9. As explained by the lock and key model, a substrate binds to the enzyme because the two
compounds fit together precisely, much like a key fits into a lock. The site of the enzyme that
binds the substrate is called the active site, and it may be a very small region of the enzyme.
Nevertheless, because the shape of a protein is a result of its sequence of amino acids, a change
to even one amino acid—regardless of its location in the sequence—can affect the shape of the
active site and alter its ability to bind the substrate.
10. The molecular structure of RNA is remarkably similar to DNA, but there are several
differences. In RNA, the sugar is ribose instead of deoxyribose. Three of the four nitrogen bases
are the same, but uracil replaces thymine. RNA is also single stranded, whereas DNA is double
stranded. RNA molecules also tend to be much shorter than DNA.
11. Every amino acid consists of a carboxylic acid group (-COOH), which is acidic, and an
amino (-NH2) group, which is basic. These two groups readily react with one another to release
water and form a bond, called a peptide bond. In a protein, a series of peptide bonds joins amino
acids together in a linear arrangement.
12. Remember that a molecule of DNA consists of two strands, each with complementary base
pairs. If the one strand contains the sequence AAGCTCG in the 5' to 3' direction, then the
complementary strand contains the sequence TTCGAGC in the 3' to 5' direction. Because DNA
is read in one direction, only one of the strands is transcribed. The cell avoids transcribing the
other strand, which would not translate into a useful protein.
13. Like alanine and phenylalanine, the compound X (glycine) is nonpolar. Notice that all amino
acids have many structures in common: a carboxylic acid group (-COOH), an amino (-NH2)

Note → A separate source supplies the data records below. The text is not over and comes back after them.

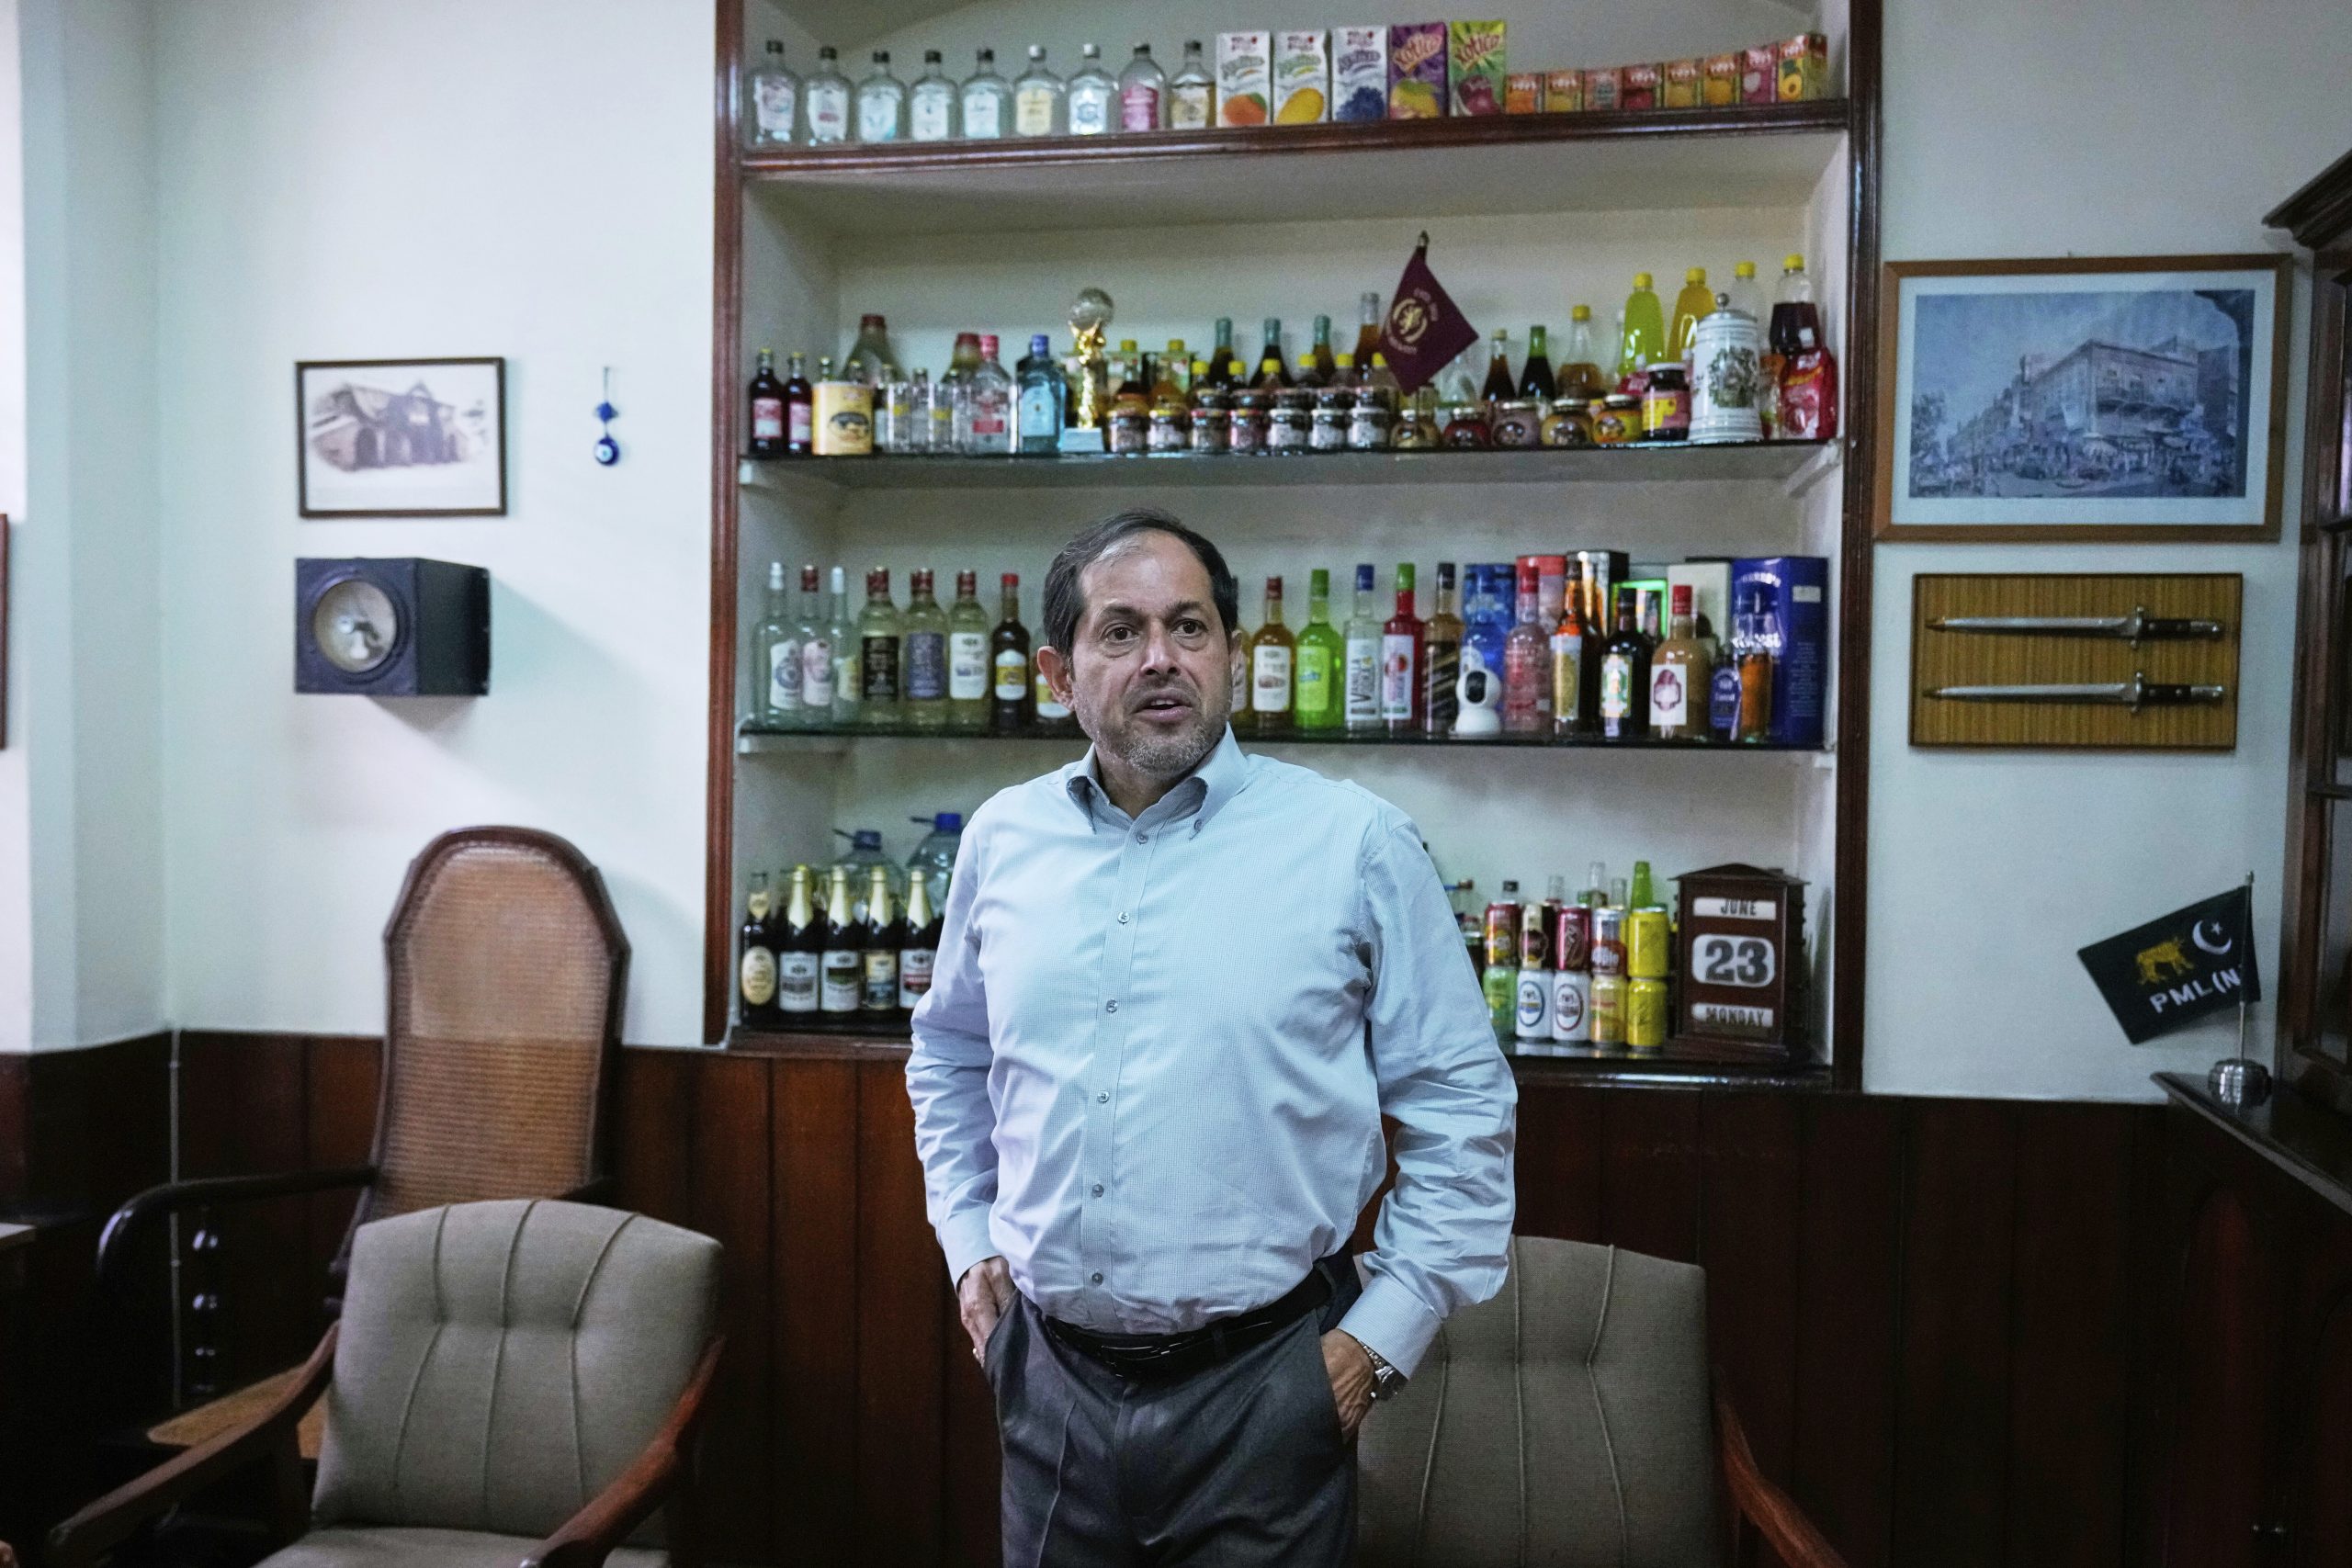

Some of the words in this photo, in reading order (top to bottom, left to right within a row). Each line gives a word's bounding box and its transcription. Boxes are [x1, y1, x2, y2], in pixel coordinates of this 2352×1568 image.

[1720, 898, 1758, 917] JUNE
[1705, 939, 1769, 984] 23
[1705, 1007, 1765, 1027] MONDAY
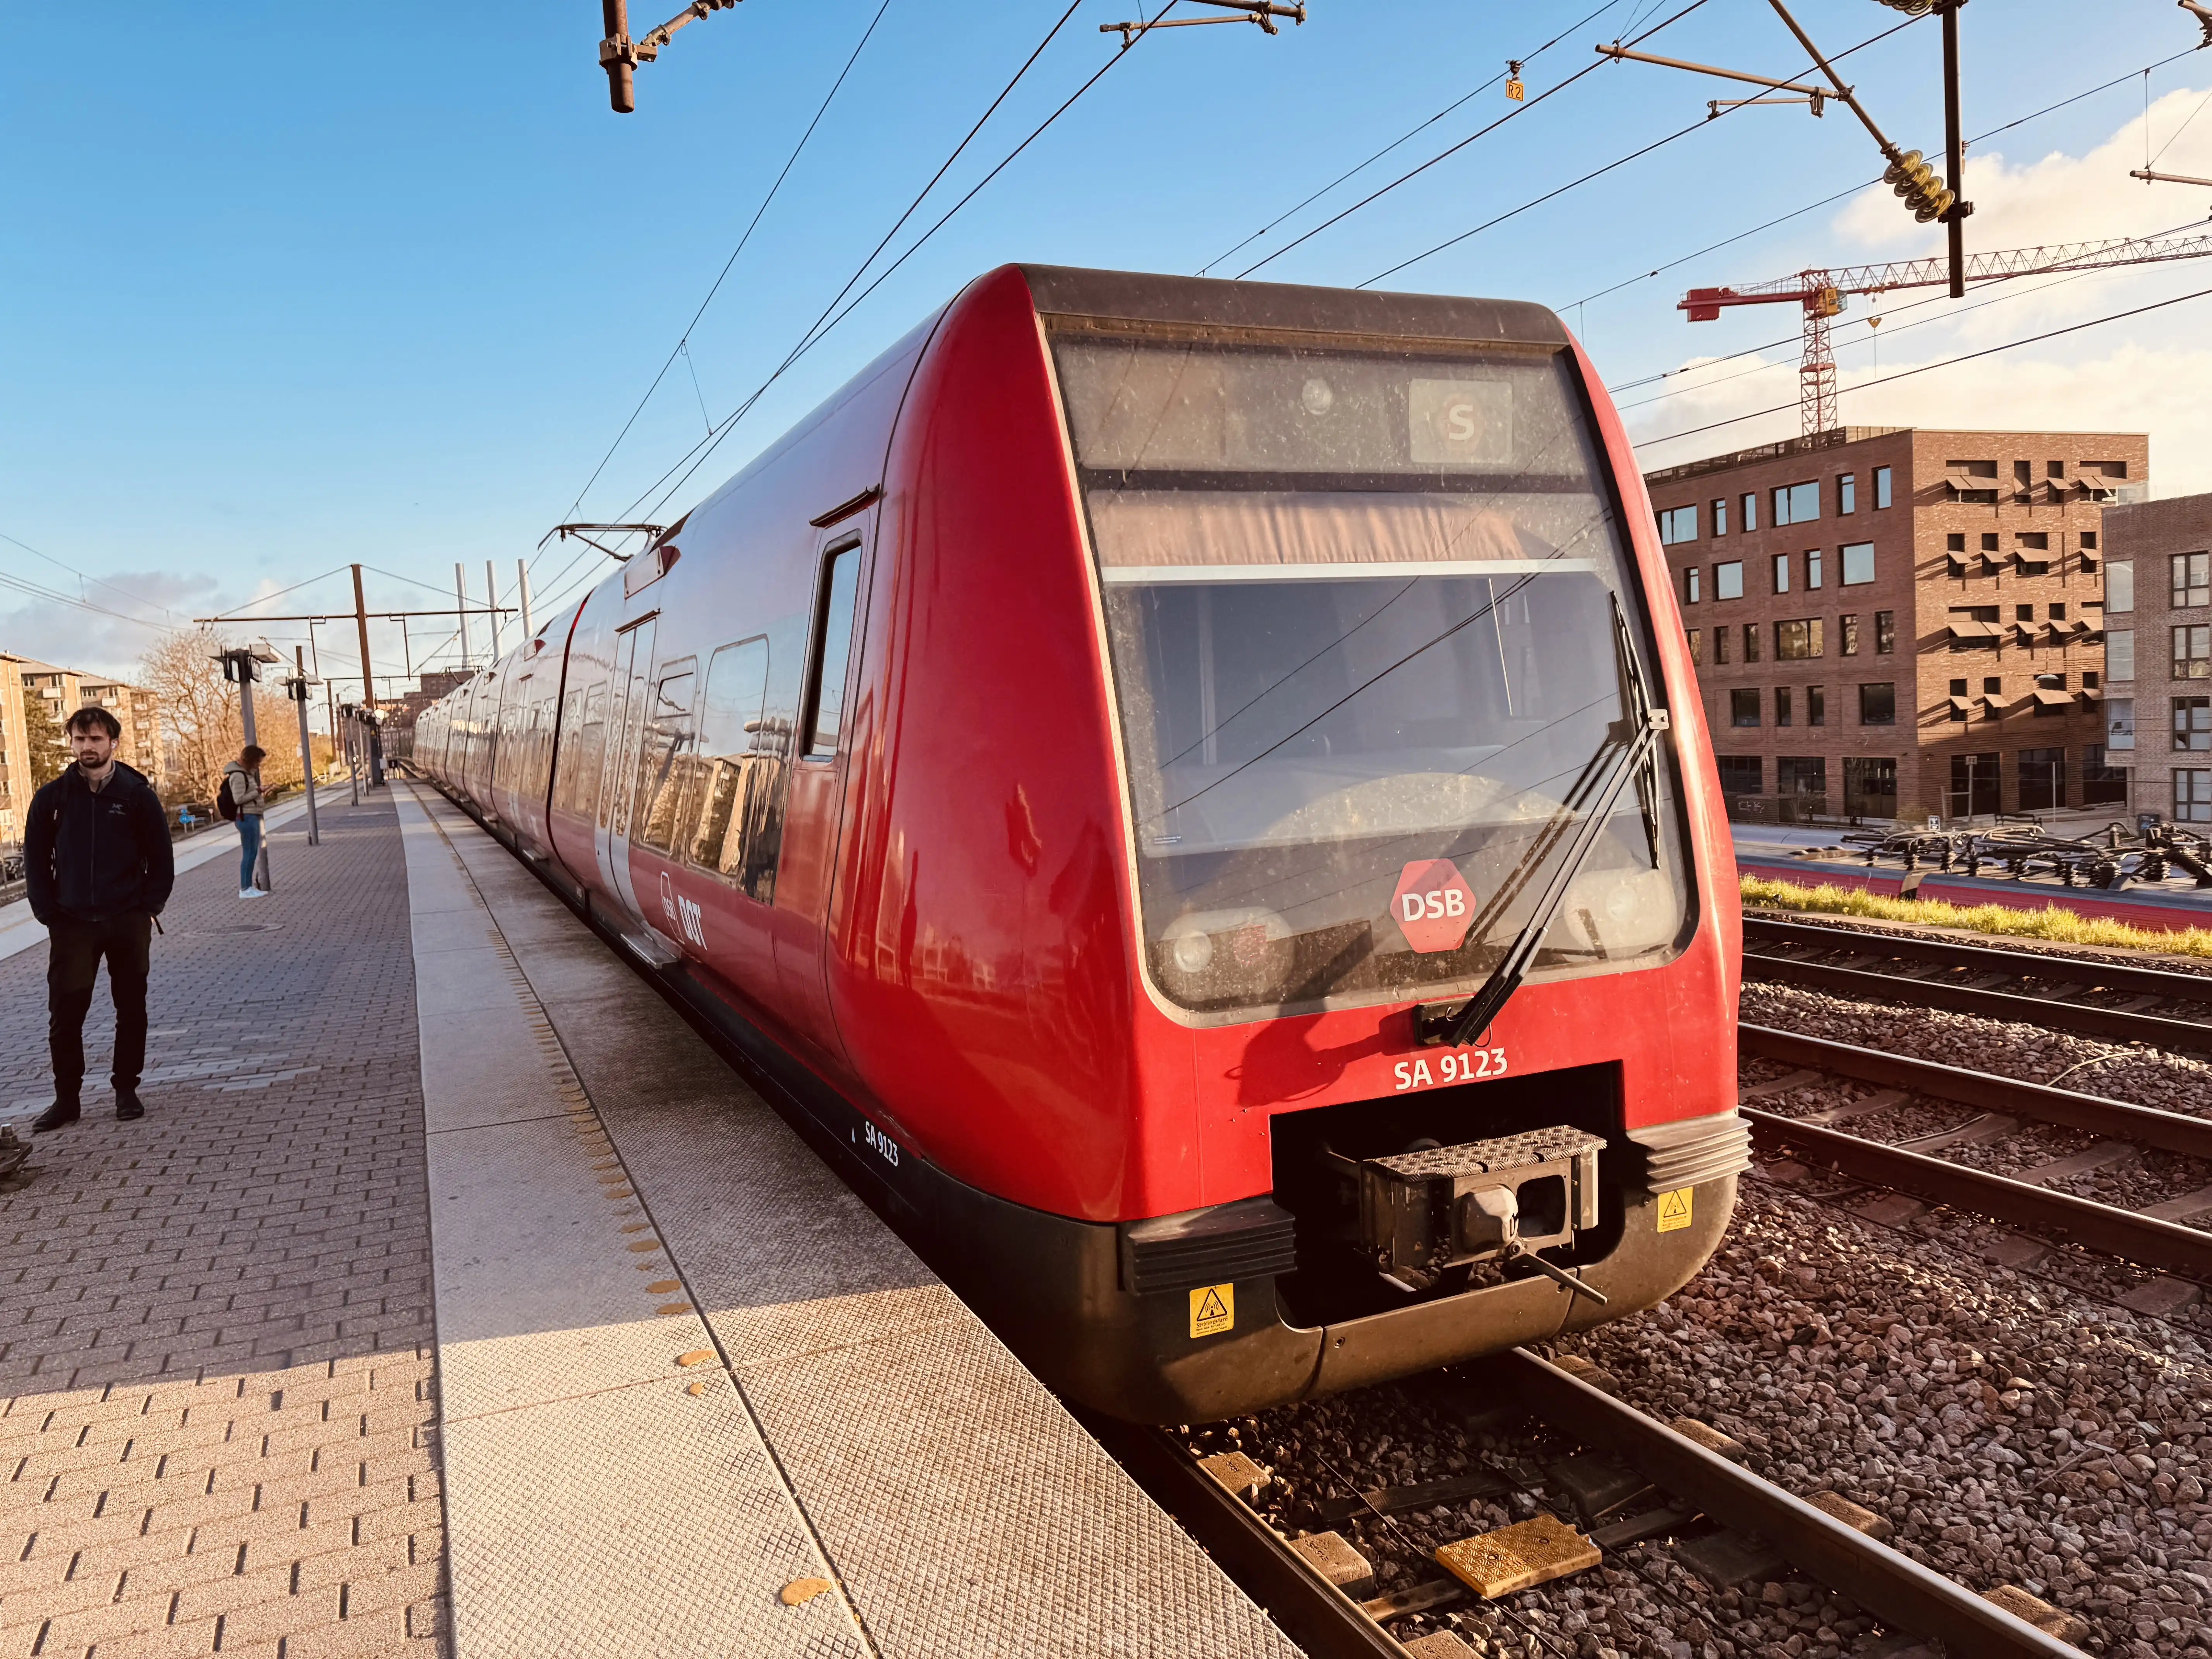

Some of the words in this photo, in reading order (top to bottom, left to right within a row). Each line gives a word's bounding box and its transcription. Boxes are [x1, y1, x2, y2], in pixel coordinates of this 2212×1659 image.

[1448, 404, 1475, 440] S
[678, 895, 707, 950] DOT
[1401, 889, 1465, 922] DSB
[1394, 1059, 1434, 1090] SA
[1440, 1047, 1508, 1083] 9123
[865, 1121, 877, 1149] SA
[878, 1131, 898, 1167] 9123

group, and a central carbon atom. Amino acids differ in the third functional group attached to the
central carbon atom. When this functional group is a hydrocarbon, hydrogen atom, or other
nonpolar constituent, the amino acid is classified as nonpolar. Note that choice Z is glutamic
acid, which is an acidic amino acid. Choice W is oxalic acid, which is not an amino acid because
it lacks an amino group. Choice Y is lysine, a basic amino acid.
14. The shape of a protein is determined, in part, by the interactions of its component amino
acids with the surrounding environment. Amino acids that are polar, acidic, or basic tend to
attract water and group on the outside of the protein. Nonpolar amino acids tend to avoid water
and group in the interior of the protein. The substitution of even a single amino acid, especially
when the substitution affects the polarity of the location, can have drastic effects on the protein
shape, and thus its function. The active site of an enzyme, which is where substrates are bound,
is especially susceptible to this type of change.
15. A single strand of DNA consists of a phosphate-ribose backbone to which nitrogen bases are
attached. The specific bonds and components of the backbone are consistent throughout every
section of DNA. The only difference in the nucleotides is the identity of the nitrogen bases,
which are either adenine, guanine, cytosine, or thymine. The arrangement of these four bases
determines the information that DNA carries.